TENNIS—GUY FORGET and JAKOB HLASEK defeated Emilio Sanchez and Sergio Casal 6-4, 7-6, 5-7, 6-4 to win the ATP Tour Doubles Finals and $305,000, in Sanctuary Cove, Australia.
MILEPOSTS—FINED: By the NBA, for fighting in a game on Nov. 16, Dallas Maverick center JAMES DONALDSON, $3,000, and Los Angeles Laker guard BYRON SCOTT, $1,000.
By the American League, for too vehemently objecting to a ball call by umpire Terry Cooney during the fourth game of the League Championship Series, Boston Red Sox pitcher ROGER CLEMENS, $10,000. Clemens was also suspended from the first five games of the 1991 season.

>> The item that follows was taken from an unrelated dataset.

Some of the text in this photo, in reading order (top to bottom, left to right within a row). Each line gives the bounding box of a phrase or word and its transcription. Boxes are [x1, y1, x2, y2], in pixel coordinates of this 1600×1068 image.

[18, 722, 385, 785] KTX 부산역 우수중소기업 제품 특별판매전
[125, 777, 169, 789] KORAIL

NAMED: By the Baseball Writers Association of America, as the American League's Most Valuable Player, Oakland Athletics outfielder RICKEY HENDERSON, 31; and as National League MVP, Pittsburgh Pirate leftfielder BARRY BONDS, 26.
REINSTATED: By the NFL, defensive end DEXTER MANLEY, 31, after one year of a lifetime suspension for thrice violating the league's substance abuse policy. Manley, who upon reinstatement was waived by his old team, the Washington Redskins, was signed by the Phoenix Cardinals, for whom he will become eligible to play on Dec. 9.

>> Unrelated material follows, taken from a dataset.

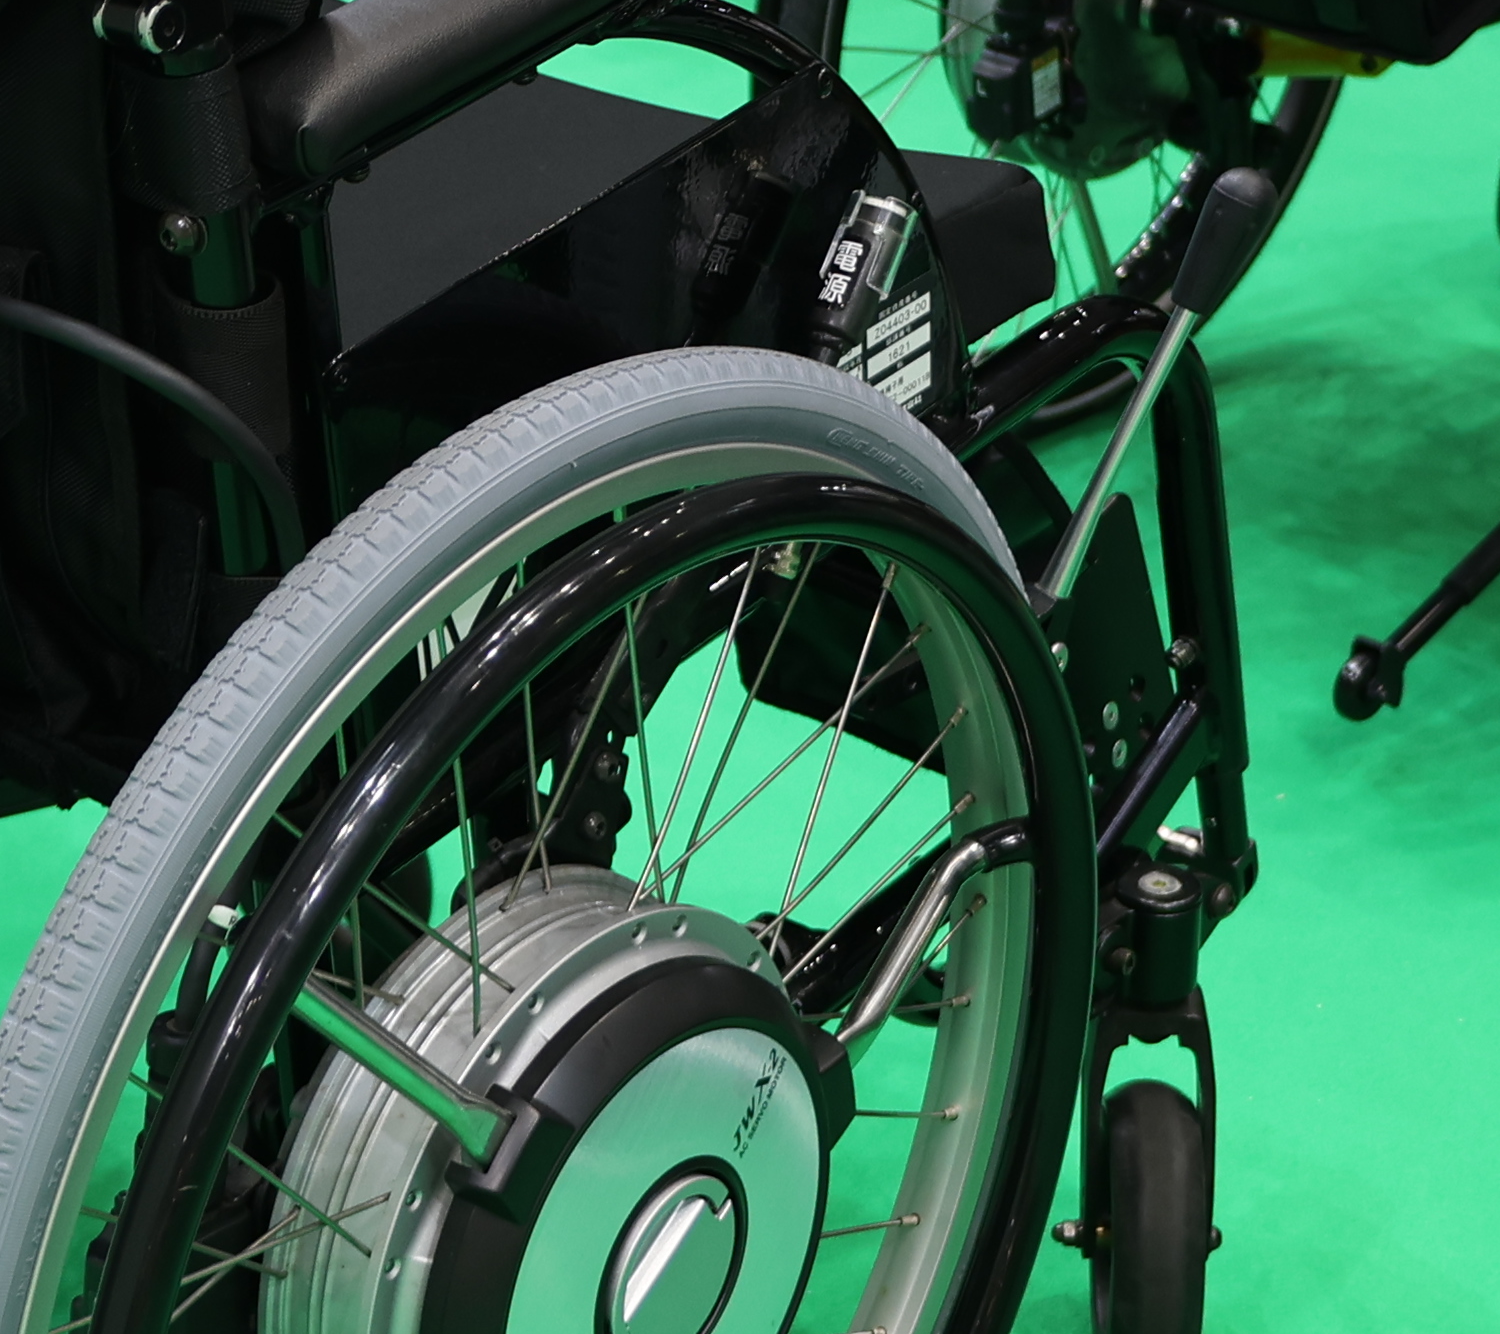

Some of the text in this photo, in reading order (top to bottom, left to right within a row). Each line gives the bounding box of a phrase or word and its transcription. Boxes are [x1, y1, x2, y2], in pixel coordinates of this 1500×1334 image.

[818, 240, 864, 306] 電源
[888, 341, 911, 362] 1621
[747, 1100, 769, 1140] SERVO
[766, 1056, 787, 1100] MOTOR

SUSPENDED: By the NHL for five games, New York Ranger defenseman MARK HARDY, for swinging his stick at Winnipeg Jet left wing Doug Evans in a Nov. 16 game.
DIED: Indianapolis 500 Rookie of the Year in 1988 and third-generation race-car driver BILLY VUKOVICH III, 27; of injuries suffered in a crash during practice at Mesa Marin Raceway; in Bakersfield, Calif. Vukovich's grandfather, who won the 500 in 1953 and '54, was killed in a crash while leading the '55 race; his father was runner-up at Indy in '73.
Bo Diaz, 37, a two-time All-Star catcher who played for four major league teams, most recently the Cincinnati Reds from 1985 to '89; of head and neck injuries suffered in a freak accident; in Caracas, Venezuela. Diaz was adjusting a satellite dish at his house when the dish fell and crushed him.
Fred Shero, 65, coach of the Philadelphia Flyers from 1971-72 to '77-78 and the New York Rangers for two-plus seasons; of cancer; in Camden, N.J. Shero, who guided the Flyers to Stanley Cup titles in '74 and '75, was a Ranger defenseman for three seasons in the late '40s (page 35).